We are continuing to juice, mostly carrots and apples, as a healing change to our diet and a way to get raw foods when we're all salad-ed out. For some reason the juice has a more noticeable effect, and maybe a quicker one, than just the smoothies or raw salads, so we're doing a combination of all those alongside a small percentage of cooked greens and soups. Lots of fruits and greens. I am REALLY trying to get rid of this diabetes. We're drinking many supportive teas, some for specific benefits and others just because we like them. When I say tea, I'm meaning herbals, usually loose herbs boiled and steeped, or infusions left to concentrate for a few hours before drinking (I learned that one from a Susun Weed video, and it really seems to get the most use for the herb that way).
I'm still making up some batches of tinctures, but I'd like a book as reference for the specific herbs so I have a better idea of the correct proportions of herb to alcohol. One step at a time :)
And that leads me to my last quick mention...I've decided I want to become a master herbalist. I've had a great deal of fun researching so many of our plants for our own uses, it just dawned on me I'd love to delve deeper as well as actually utilize a lot of what we've learned. Besides the fun aspect, I believe good health is within the grasp of those with very little cash or savings and is crucial for the times we're in. Learning and utilizing traditional herbalism AND lesser-known (or just overlooked) edibles is a backyard pantry whose ends are health...and a different kind of prosperity and abundance.
This will be a long-term thing, so why not enjoy learning beside so many of the great herbalists who've made their wisdom and resources available? If anyone can recommend some good school or program with distance-learning access, I'd love to know more!
What's going on in your neck of the woods...and do you folks in the Upper 47 have snow yet? Ah, the smell of fir trees and icy air! :) Stay warm!
Blessings from us to you,
Robbyn
5 comments:
I think that its great that you are going to be a master herbest. I always said my great grandma was, although she didn't have a degree. But, she was a full blooded Cherokee indian, so I guess that counts. Lol
Just stopping by to see how you were faring down there in all that warmth :)
How's the fella's?
Hi Robbyn,
Darryl Patterson is a herbalist in Alabama. I've heard good things, but don't know personally.

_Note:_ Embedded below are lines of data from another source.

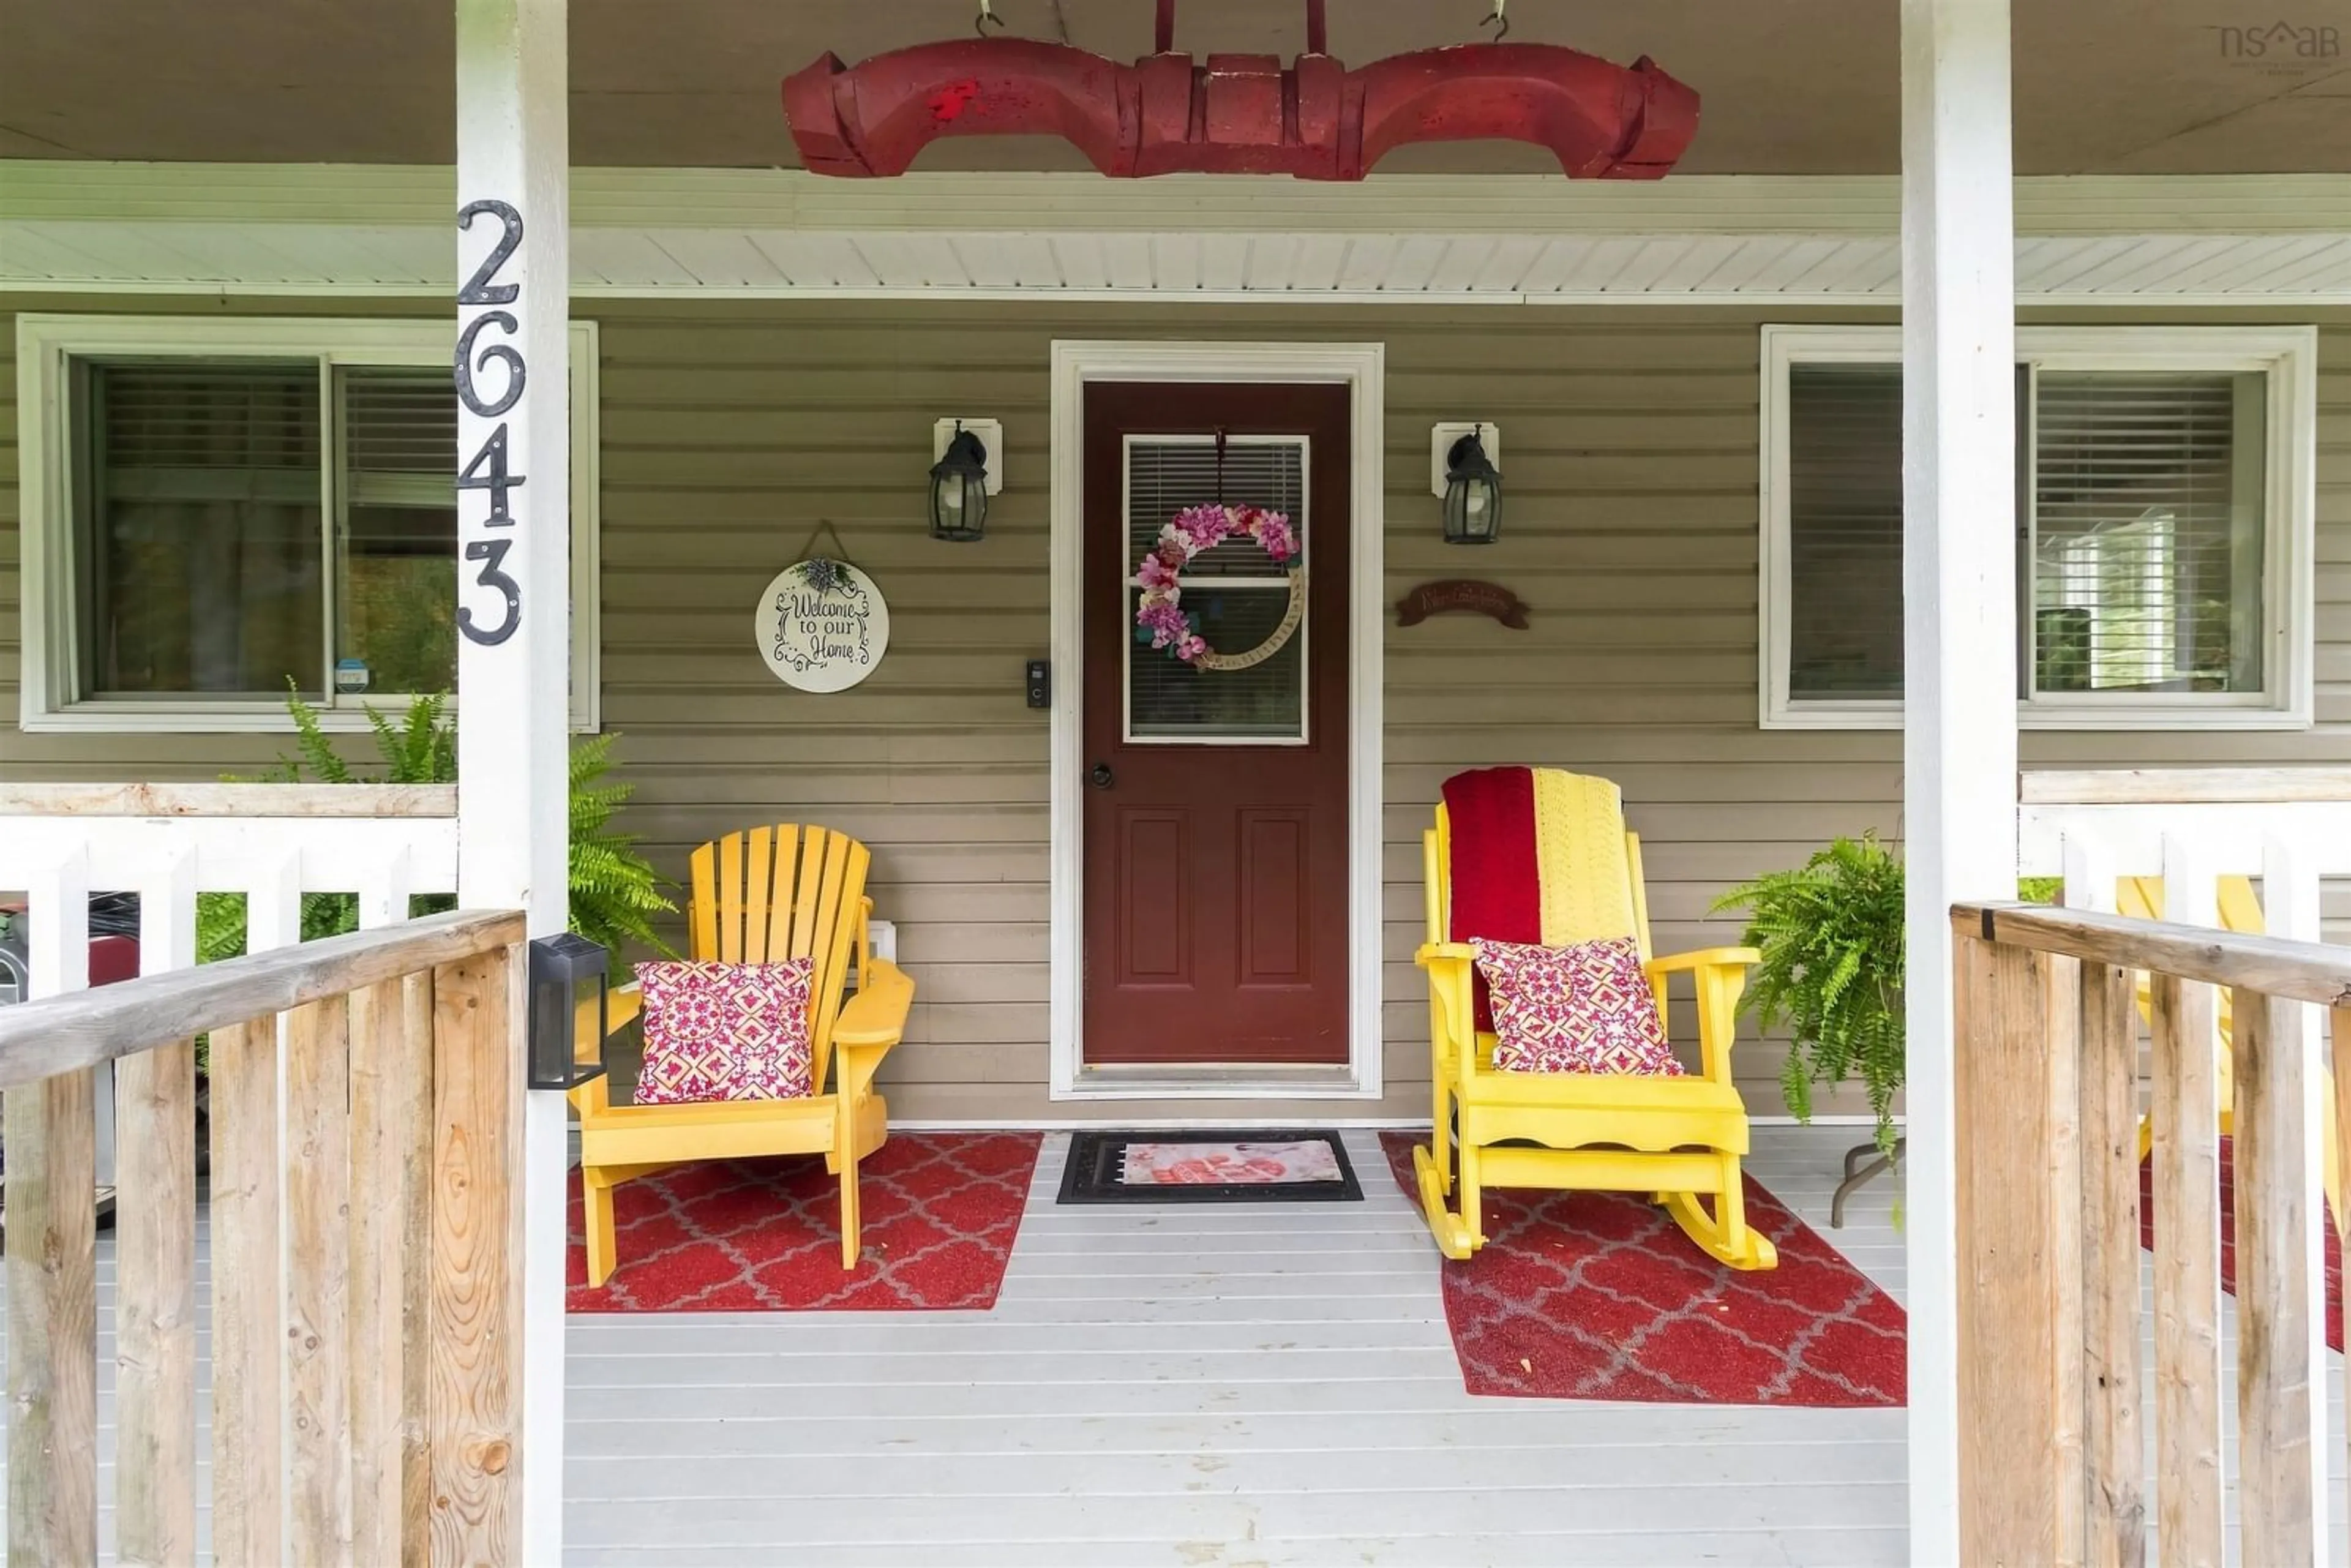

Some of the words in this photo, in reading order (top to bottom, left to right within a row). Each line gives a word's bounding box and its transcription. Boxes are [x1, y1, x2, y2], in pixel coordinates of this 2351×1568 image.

[454, 198, 527, 647] 2643
[791, 593, 855, 618] Welcome
[800, 621, 817, 634] to
[825, 621, 854, 634] our
[809, 635, 854, 659] Home
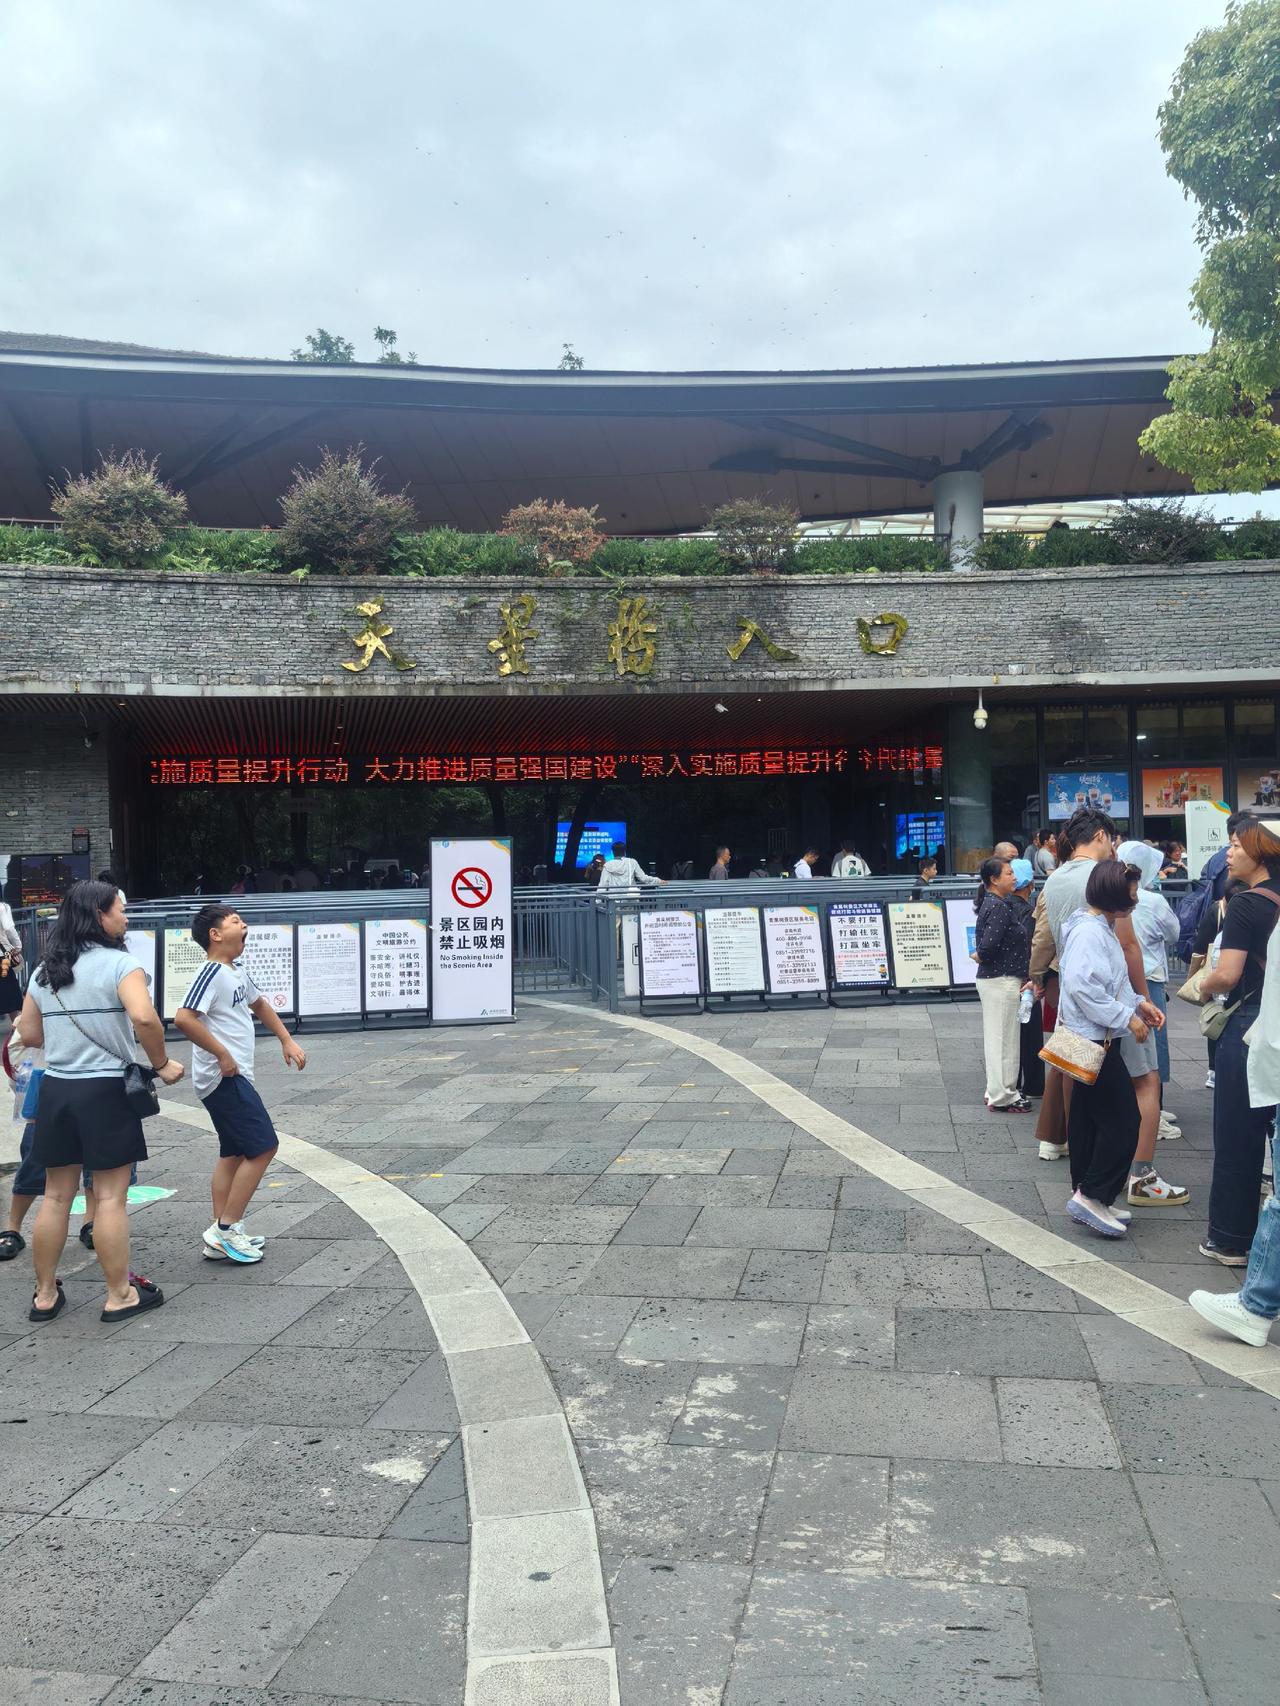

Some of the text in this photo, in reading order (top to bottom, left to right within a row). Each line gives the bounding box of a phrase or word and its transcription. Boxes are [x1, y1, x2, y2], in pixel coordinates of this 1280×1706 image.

http://thesouthernherbalist.com/herbal-studies-program
We are enjoying greens here in NC, too. I always think it's a shame that the tomatoes are done and gone just when the lettuce is at its crispest. But spicy mesclun and fresh spinach are so delicious, that we can't really complain.
Stevie @ www.ruffledfeathersandspilledmilk.com
Small Farm Girl, wow, I bet it was neat learning from her, and yes, it counts! I never knew my great grandma, but she was part Cherokee as well!
Nita!!!!!!! My menfolk are great, and the gal is also doing really well. We're nice and spring-weatherish right now on the days that aren't toasty. Kaleb is so much a part of us I kind of get a lump in my throat the more I see a grey hair or two being added now and then to his sweet face...do you realize he's 10 now?? He's SUCH a joy! Miss you and hope your world and your new year is just wonderful, my friend!
Pam, oh thank you so much, I'll surely check this out!
Stevie,
so glad I have another blog to check out now...enjoy those greens!